Predictive modeling and spatial mapping of freshwater fish and decapod assemblages: an integrated GIS and neural network approach
Michael K. Joy & Russell G. Death
Institute of Natural Resources-Ecology, Massey University, Private Bag 11 222, Palmerston North, New Zealand
Email: m.k.joy@massey.ac.nz
We used stream fish and decapod spatial occurrence data extracted from a national database combined with recent surveys and geospatial data landuse, geomorphologic, climatic, and spatial data in a geographical information system (GIS) to model fish occurrence in the Wellington Region, New Zealand. To predict the occurrence of each species at a site from a common set of predictor variables we used a multi-response, artificial neural network (ANN), to produce a single model to predict the entire fish and decapod assemblage in one procedure. The predictions from the ANN using this landscape scale data proved very accurate.

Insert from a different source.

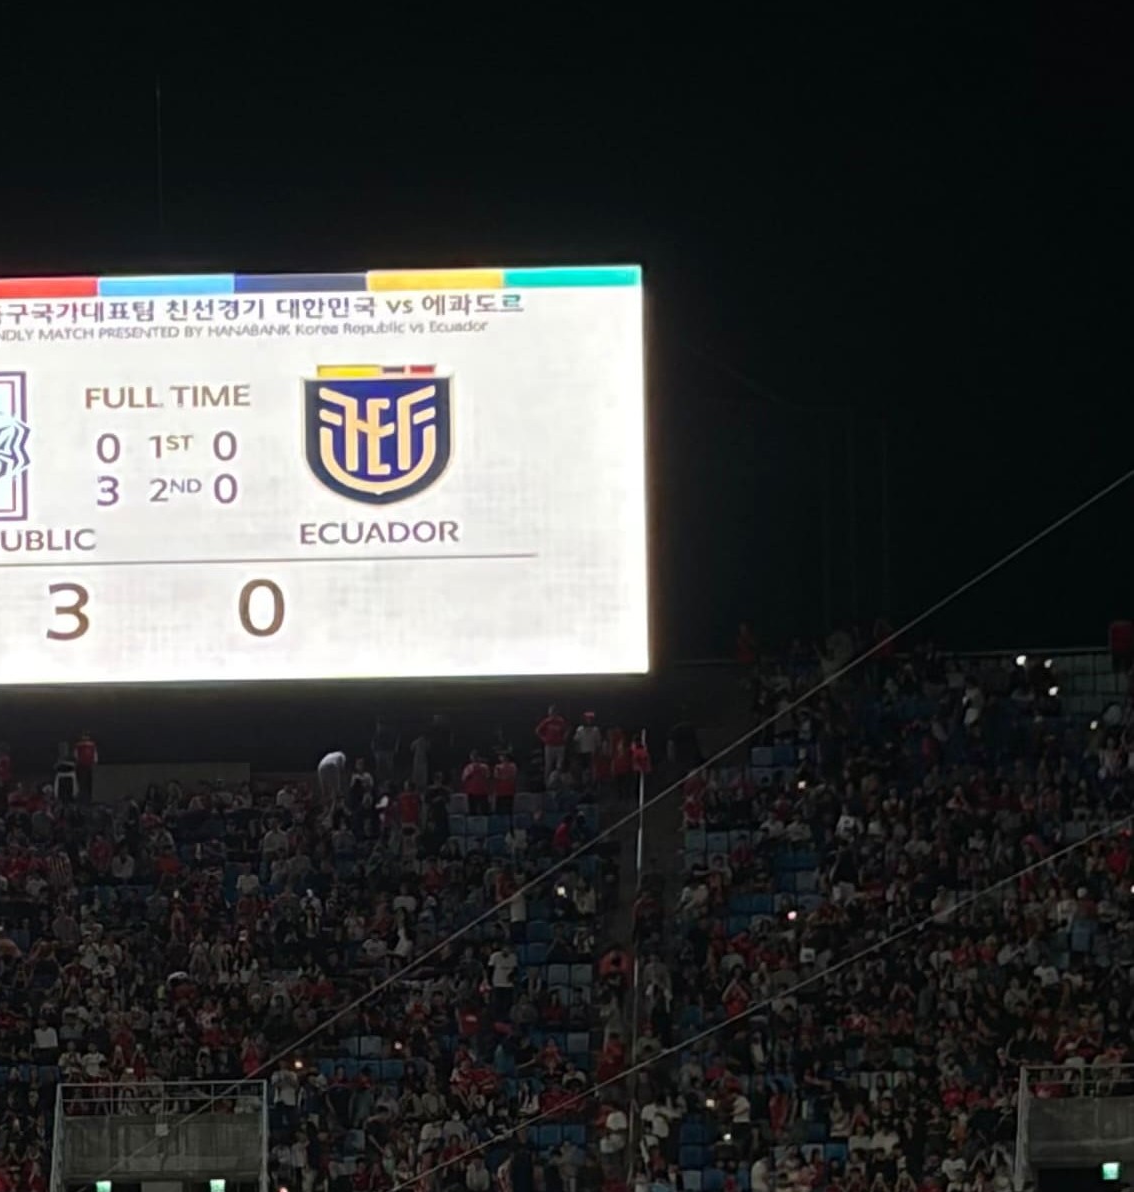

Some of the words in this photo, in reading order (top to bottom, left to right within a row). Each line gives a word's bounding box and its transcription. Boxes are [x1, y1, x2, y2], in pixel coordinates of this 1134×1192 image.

Four other evaluation metrics independent of species abundance or probability thresholds also confirmed the accuracy of the model. The important variables contributing to the predictions included the spatial and elevational position of the site reach, watershed area, the landuse and vegetation type proportions of the watershed, and watershed geology. The geospatial data available for the entire regional river network were then used to create a habitat-suitability map for all 18 species over the regional river network using GIS. This prediction map has many potential uses including; monitoring and predicting temporal changes in fish communities caused by human activities and shifts in climate, identifying of areas in need of protection, biodiversity hotspots, and areas for the reintroduction of endangered or rare species.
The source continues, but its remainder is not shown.